### WORK ITEM
Set down each line of the records once more, precisely, and omit the pictures.

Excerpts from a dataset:
Start of Block
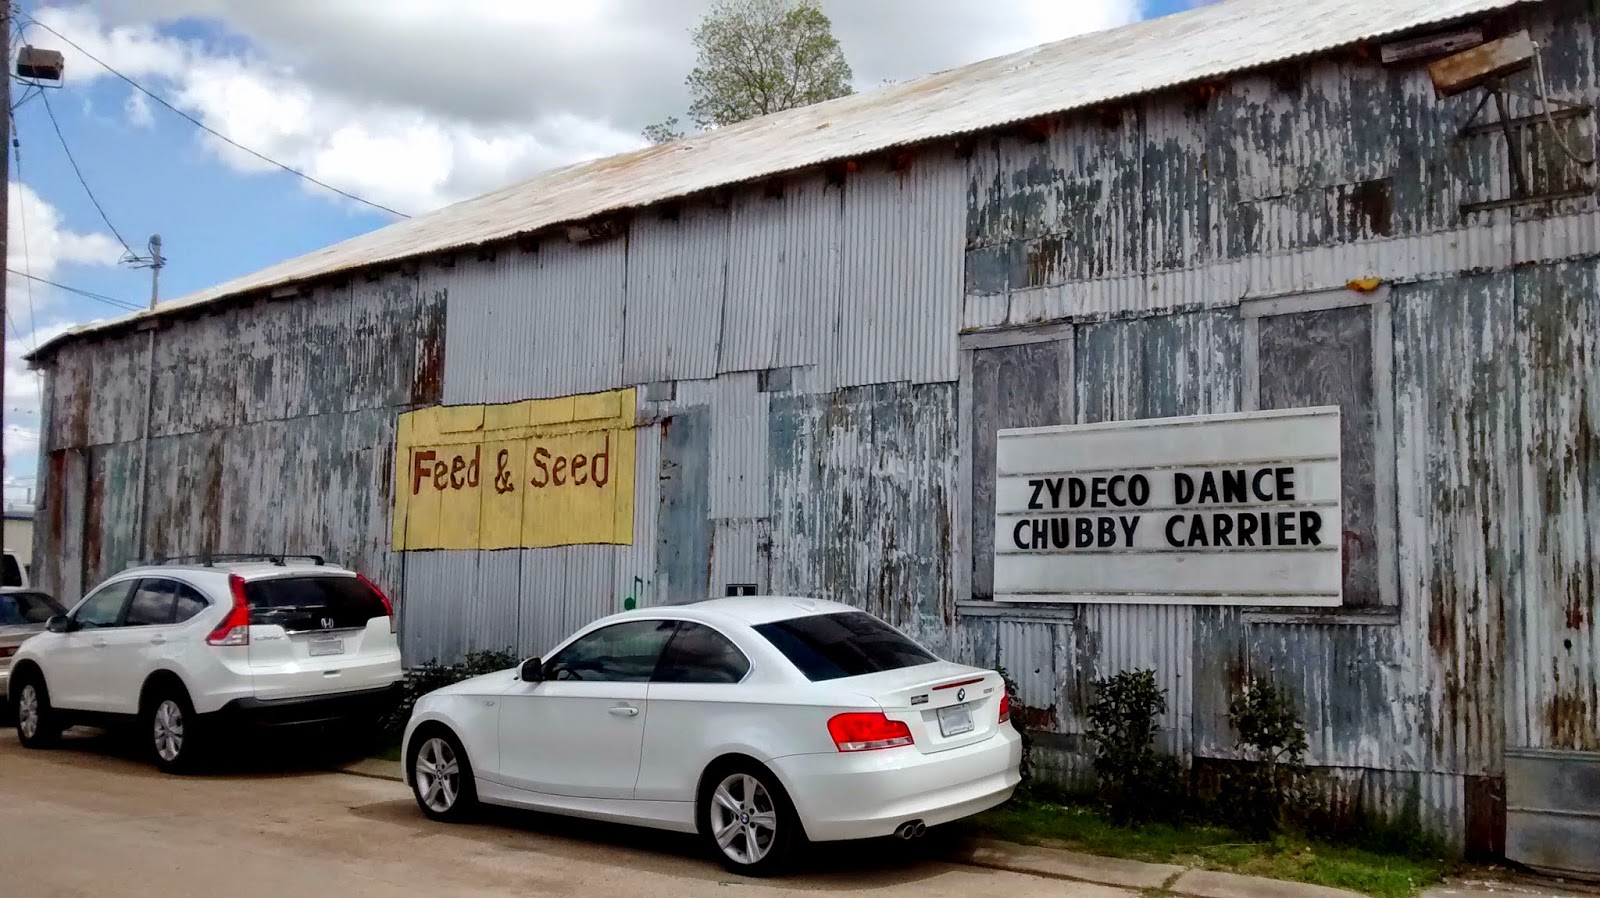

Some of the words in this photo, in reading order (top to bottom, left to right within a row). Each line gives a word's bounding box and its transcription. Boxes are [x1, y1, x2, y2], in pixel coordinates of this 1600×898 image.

[413, 444, 481, 495] Feed
[494, 448, 515, 495] &
[530, 428, 610, 489] Seed
[1027, 473, 1151, 510] ZYDECO
[1173, 466, 1296, 506] DANCE
[1013, 515, 1141, 550] CHUBBY
[1164, 510, 1323, 549] CARRIER
End of Block
### YOUR SOLUTION
Some of the words in this photo, in reading order (top to bottom, left to right within a row). Each line gives a word's bounding box and its transcription. Boxes are [x1, y1, x2, y2], in pixel coordinates of this 1600×898 image.

[413, 444, 481, 495] Feed
[494, 448, 515, 495] &
[530, 428, 610, 489] Seed
[1027, 473, 1151, 510] ZYDECO
[1173, 466, 1296, 506] DANCE
[1013, 515, 1141, 550] CHUBBY
[1164, 510, 1323, 549] CARRIER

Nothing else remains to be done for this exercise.